IMPASTO is a robotic oil painting system that integrates learned neural dynamics models with model-based planning algorithms to accurately replicate human artists' brushstrokes and artworks.
To concisely and expressively represent the strokes, we define 10 parameters including starting positions, tilting angle, RGBA, length, bend, and most importantly, force, to form the stroke as either a straight line or a parabolic curve. We then control the arm in joint-impedance mode with force injection and run a force-control loop along the surface normal. At the beginning of each stroke, a normal-direction admittance accumulates a smoothed feedforward force.

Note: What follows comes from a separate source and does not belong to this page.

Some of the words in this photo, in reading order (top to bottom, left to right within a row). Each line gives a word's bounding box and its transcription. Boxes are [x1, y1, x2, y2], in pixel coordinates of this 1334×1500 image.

Overview of the learning and planning framework. Top: IMPASTO-UNet's neural pixel dynamics model, which combines an image encoder and an action encoder to predict the effect of a stroke. The model is trained using a weighted l1 loss. Bottom: To find one or more consecutive strokes between a base image and a target image, an MPC-based planner optimizes stroke parameters with a weighted l1 image objective in a receding-horizon, closed loop.
Target brushstrokes from five human artists (two examples per artist from the overall 60 strokes) and the strokes reproduced by the robot using different methods. The numbers shown are the weighted l1 loss between the target and the painted strokes. Instances with the best performances are highlighted with bold borders. Overall, IMPASTO-UNet more accurately reproduced human brushstrokes.

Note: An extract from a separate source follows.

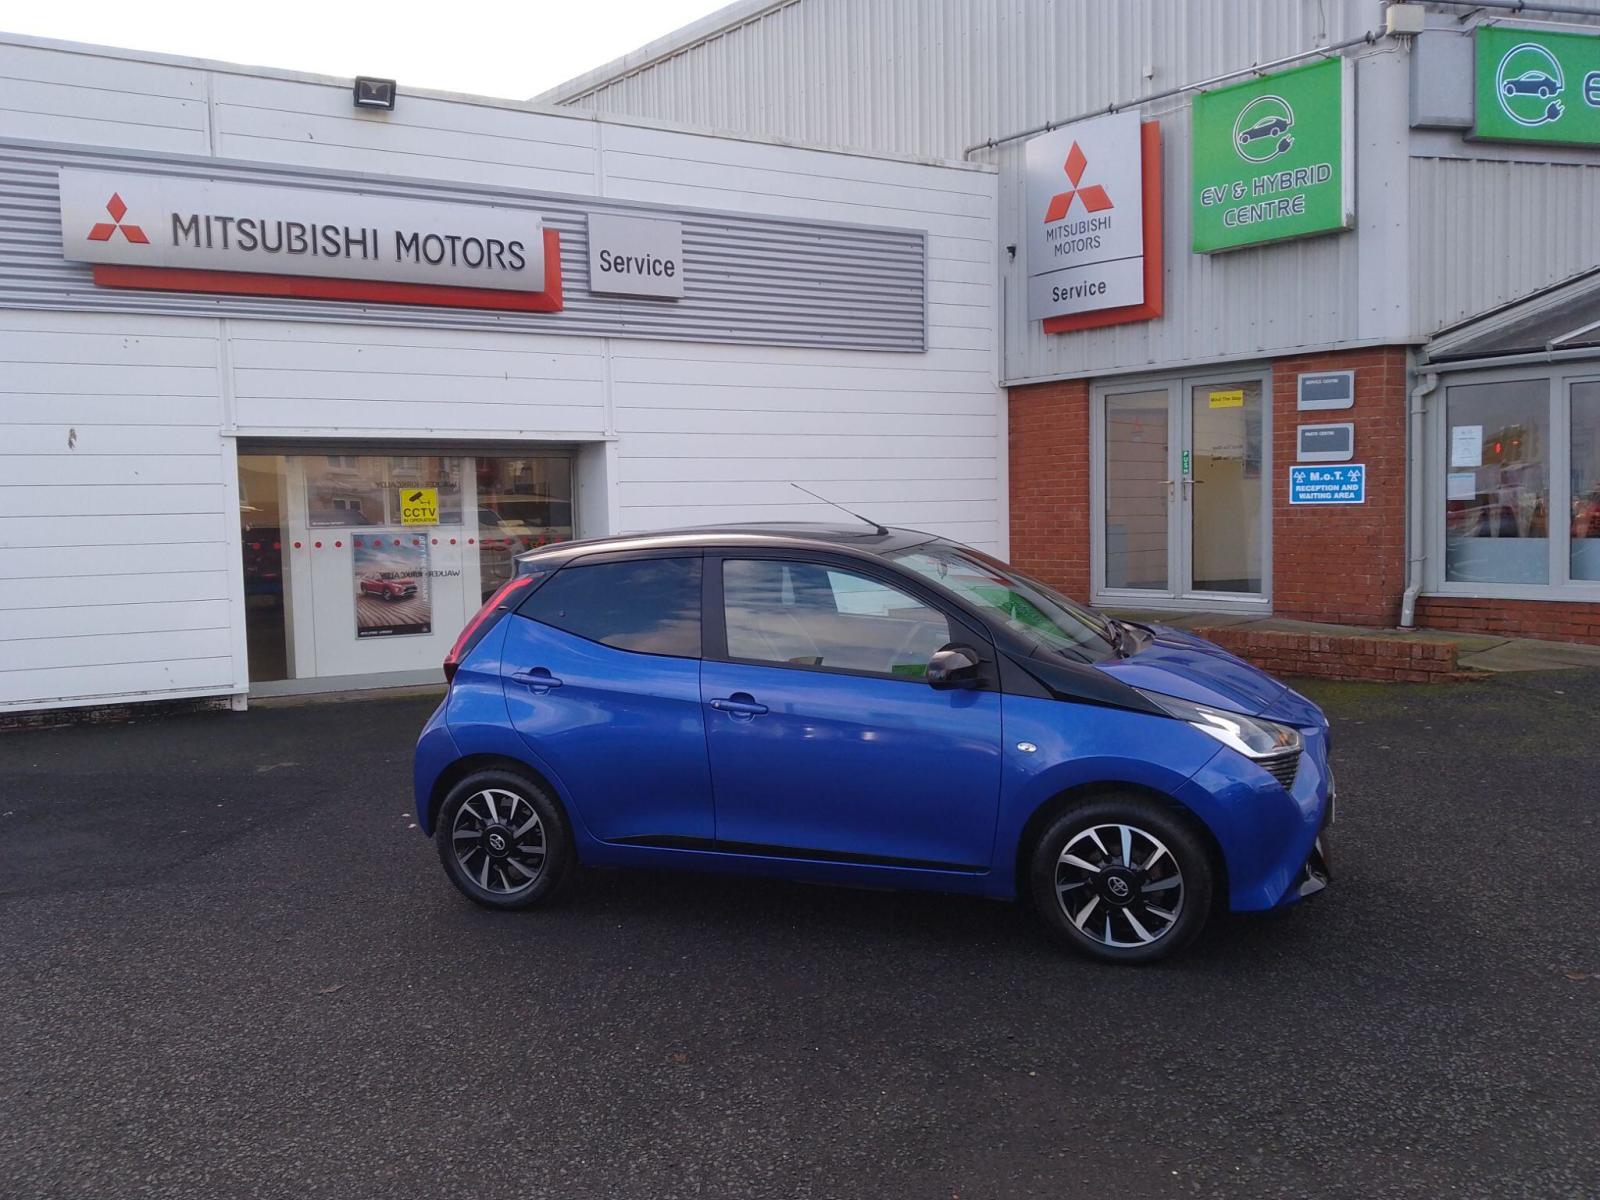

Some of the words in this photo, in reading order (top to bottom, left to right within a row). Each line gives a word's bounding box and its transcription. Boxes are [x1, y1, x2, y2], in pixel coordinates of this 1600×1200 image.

Qualitative results showing the target strokes from overlaid strokes and the strokes painted by the robot using different methods. Instances with the best performances are highlighted with bold borders. The base images (canvas states) already have painted strokes. This requires the dynamics models to make accurate predictions given the noisy background. The numbers shown are the weighted l1 loss. Note that the loss is only calculated around the target stroke area. IMPASTO-UNet is more accurate in reproducing human brushstrokes given the noisy base images.
Qualitative results showing the target paintings and the painting produced by the robot using IMPASTO vs. FRIDA. The planning horizon was set to be five, and the framed images are the targets for MPC. Our method can more accurately reproduce oil paintings.
IMPASTO was able to replicate a complex oil painting with single-step planning.
Failure mode: worn-out brush and overly dry or wet pigments introduce stochasticity during execution even though the prediction and planning are accurate.